Si conclude così, con l’arresto di due persone e la notifica del divieto di dimora nel Comune di Porto Recanati per un altro soggeto, un’articolata indagine contro lo spaccio di sostanze stupefacenti, coordinate dal Sostituto Procuratore della Repubblica del Tribunale di Macerata Enrico Riccioni, che ha permesso di ricostruire il “giro” messo in piedi dai tre all’Hotel House.

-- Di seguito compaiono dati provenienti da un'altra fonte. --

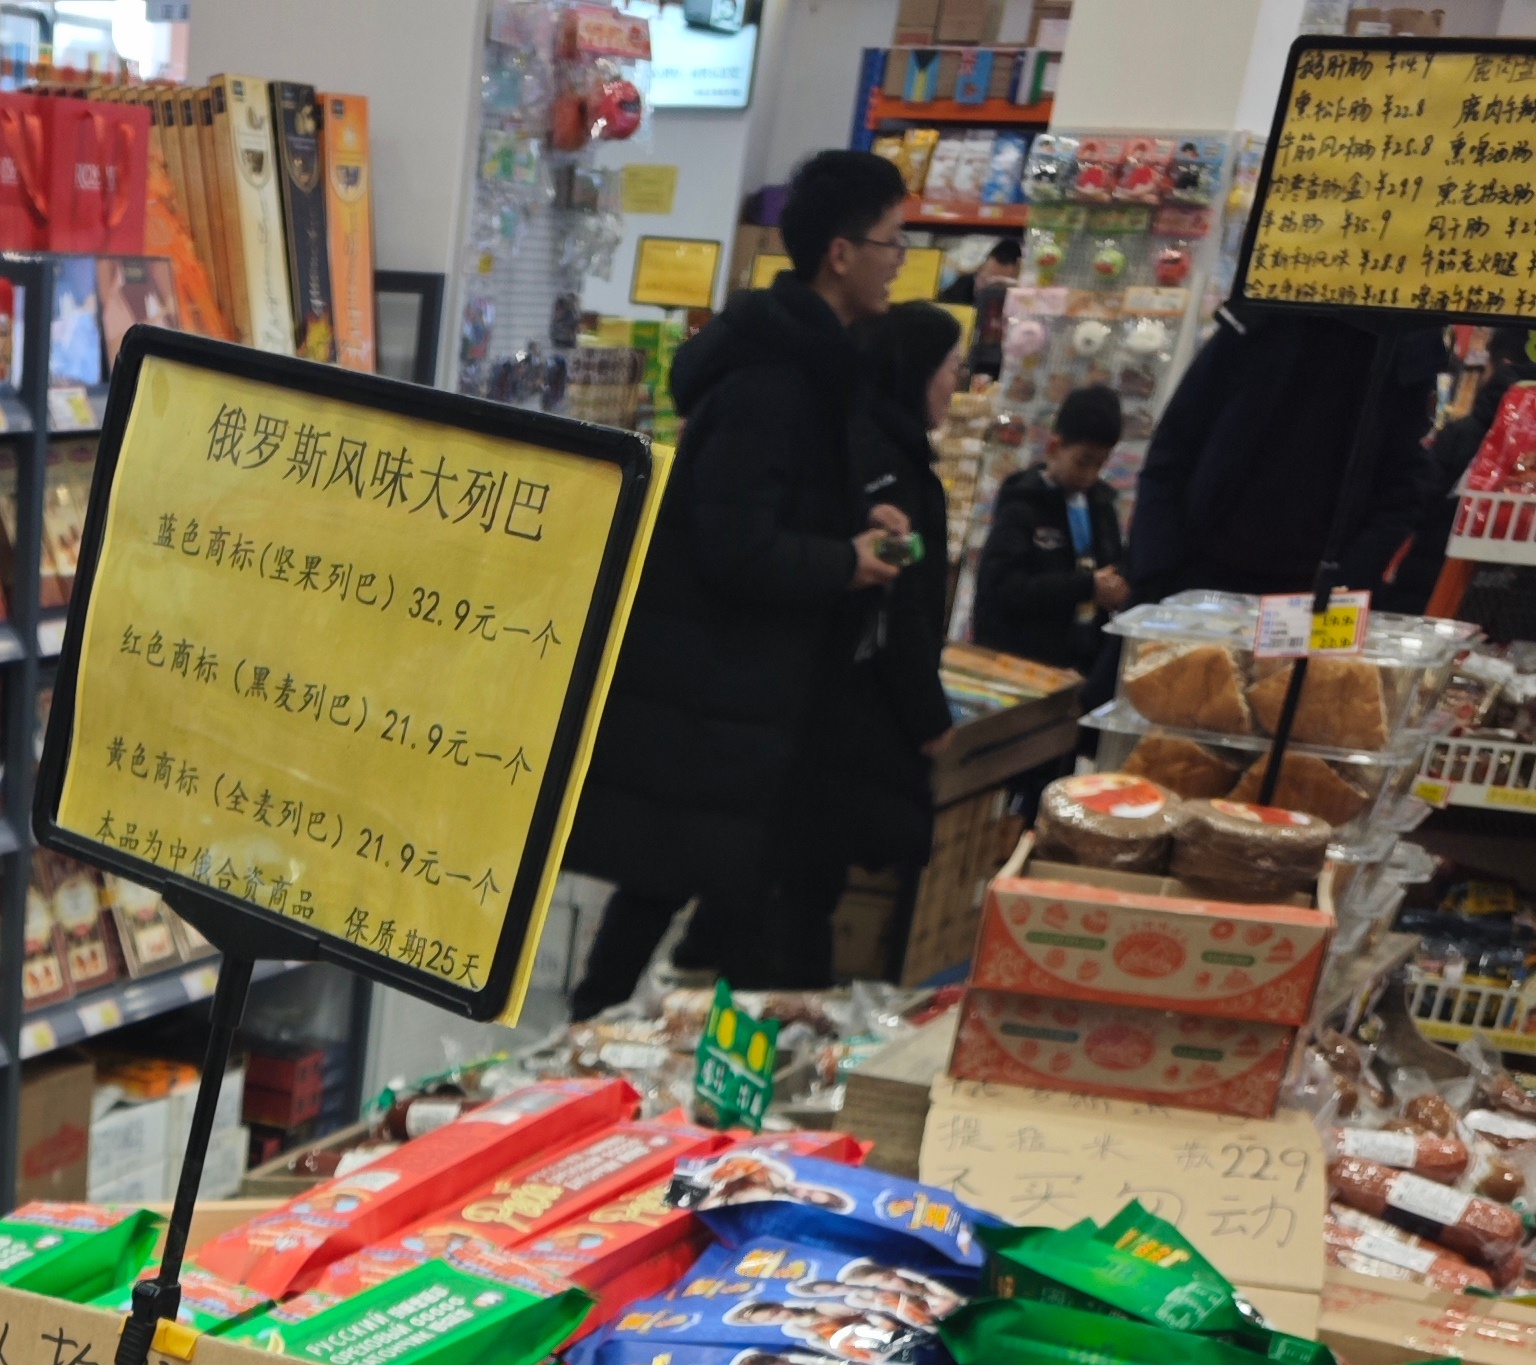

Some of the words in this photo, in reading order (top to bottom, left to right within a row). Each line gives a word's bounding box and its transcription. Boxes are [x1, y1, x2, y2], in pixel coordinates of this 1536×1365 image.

[206, 402, 550, 542] 俄罗斯风味大列巴
[94, 808, 314, 920] 本品为中俄合资商品
[343, 906, 480, 990] 保质期25天

L’attività, non si è limitata al semplice sequestro di droga effettuato lo scorso mese di novembre, ma è proseguita con una specifica indagine delegata dal P.M., che ha permesso di accertare oltre 350 episodi di spaccio di droga per un totale di circa 500 grammi tra hashish, eroina e cocaina. 

Quantificato in circa 7.000 euro il profitto tratto dall’attività illecita.

I finanzieri sono entrati in azione nelle prime ore di giovedì scorso, con irruzione in un appartamento all’Hotel House, dove è stato tratto in arresto uno dei tre destinatari delle misure cautelari. Un secondo è stato intercettato da una pattuglia mentre si aggirava a piedi per una stradina di campagna vicino il complesso condominiale, mentre il terzo si trovava già recluso a Montacuto, dove era stato associato dagli stessi finanzieri di Porto Recanati, sempre per essersi reso responsabile di reati legati allo spaccio di sostanze stupefacenti.

A carico dei due responsabili, il giudice per le indagini preliminari ha disposto gli arresti domiciliari con applicazione del “braccialetto elettronico”, mentre a carico del terzo ha disposto il divieto di dimora.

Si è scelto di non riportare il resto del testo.